Whitcomb v. Young

279 N.E.2d 566, 258 Ind. 127, 1972 Ind. LEXIS 536
CourtIndiana Supreme Court
DecidedMarch 7, 1972
Docket1171S342
StatusPublished
Cited by14 cases

This text of 279 N.E.2d 566 (Whitcomb v. Young) is published on Counsel Stack Legal Research, covering Indiana Supreme Court primary law. Counsel Stack provides free access to over 12 million legal documents including statutes, case law, regulations, and constitutions.

Bluebook
Whitcomb v. Young, 279 N.E.2d 566, 258 Ind. 127, 1972 Ind. LEXIS 536 (Ind. 1972).

Opinion

Per Curiam :

This is an appeal from a summary judgment of the Marion Circuit Court in favor of Plaintiffs-Appellees upon their “Complaint for Declaratory Judgment.”

The Complaint is against the Members of the Indiana State Election Board and alleges, in part:

“3. That Defendants will shortly prepare for the election of State Officials in the 1972 election; that the voters of Indiana on November 3, 1970 adopted an Amendment to Article 6, § 1 of the Indiana Constitution fixing the terms of the offices of Secretary of State, Auditor of State, and Treasurer of State at four years; that said Amendment did *129 not set out a date at which it would become effective; that therefore doubt has arisen regarding the date of election of these State Officials; that the effective date of the Amendment to Article 6, § 1, of the Indiana Constitution should be construed and declared in order that the citizens may have the opportunity to prepare for the selection of candidates and the election of these State Officials, if necessary in 1972.”

Also the prayer of said Complaint was:

“Wherefore, Plaintiffs pray that this Honorable Court make a declaration and determination of their rights under the Laws of the State of Indiana and that the judgment or decree herein contain a declaration of the effective date of the 1970 Amendment to Article 6, § 1 of the Constitution of the State of Indiana, and that said four year terms created by said Amendment apply to those persons elected as Secretary of State, Auditor of State, and Treasurer of State in the November, 1972 Election.”
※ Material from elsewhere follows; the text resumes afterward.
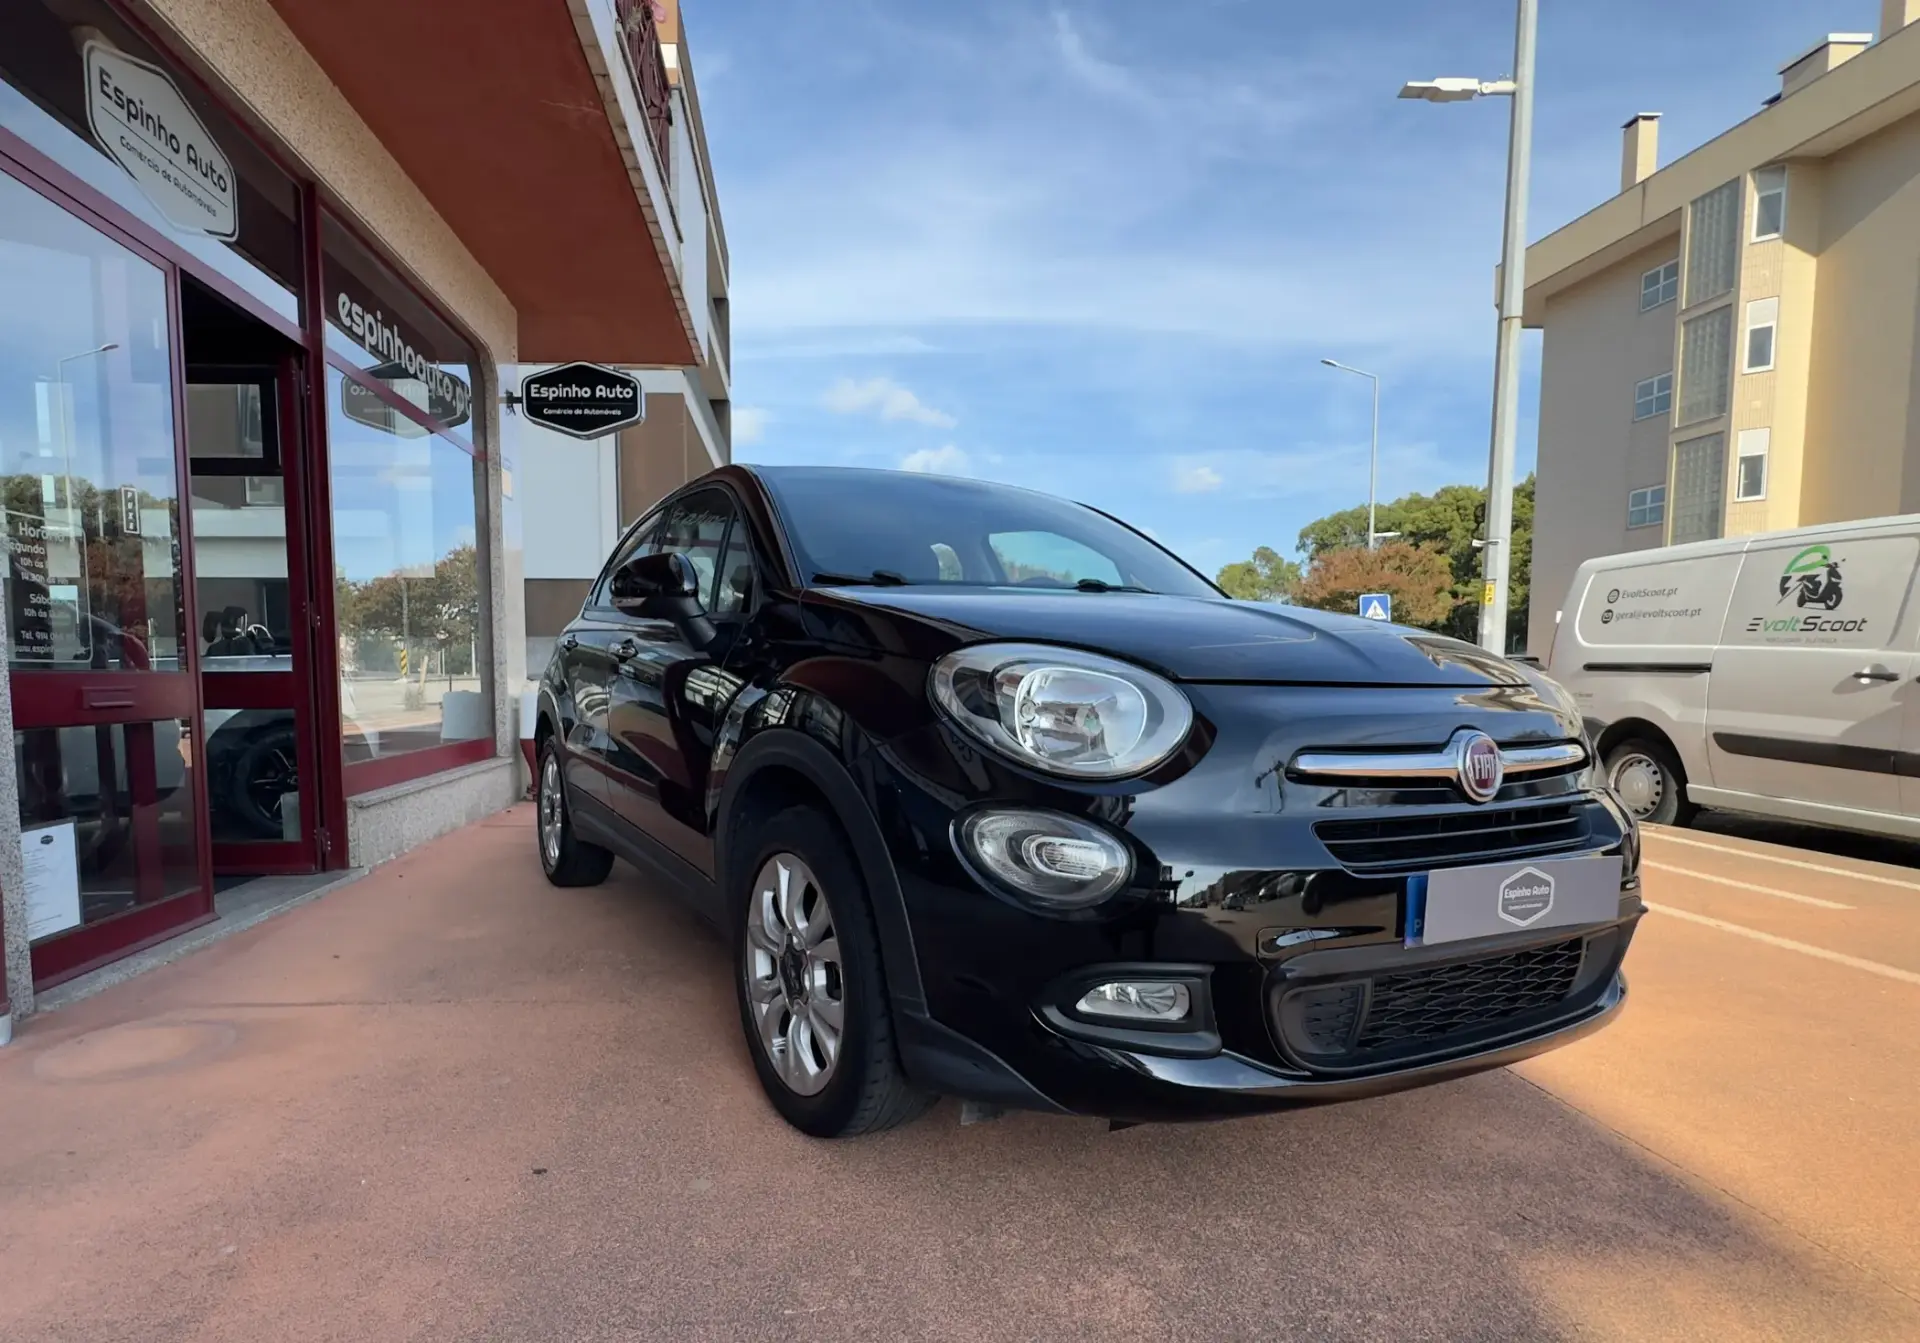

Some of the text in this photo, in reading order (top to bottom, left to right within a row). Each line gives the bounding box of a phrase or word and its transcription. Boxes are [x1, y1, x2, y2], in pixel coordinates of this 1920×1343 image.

The Amendment to Article 6, § 1 of the Constitution of the State of Indiana, as ratified by the electorate on November 3, 1970 reads simply:

“There shall be elected, by the voters of the state, a Secretary, an Auditor and a Treasurer of State, who shall, severally, hold their offices for four years. They shall perform such duties as may be enjoined by law; and no person shall be eligible to either of said offices, more than eight years in any period of twelve years.” (Our emphasis)

A comparison of the above Amendment with the former Article 6, § 1 of the Constitution of the State of Indiana reveals that the only obvious change is in the emphasized words, “four,” “eight” and “twelve,” which previously read “two,” “four” and “six.”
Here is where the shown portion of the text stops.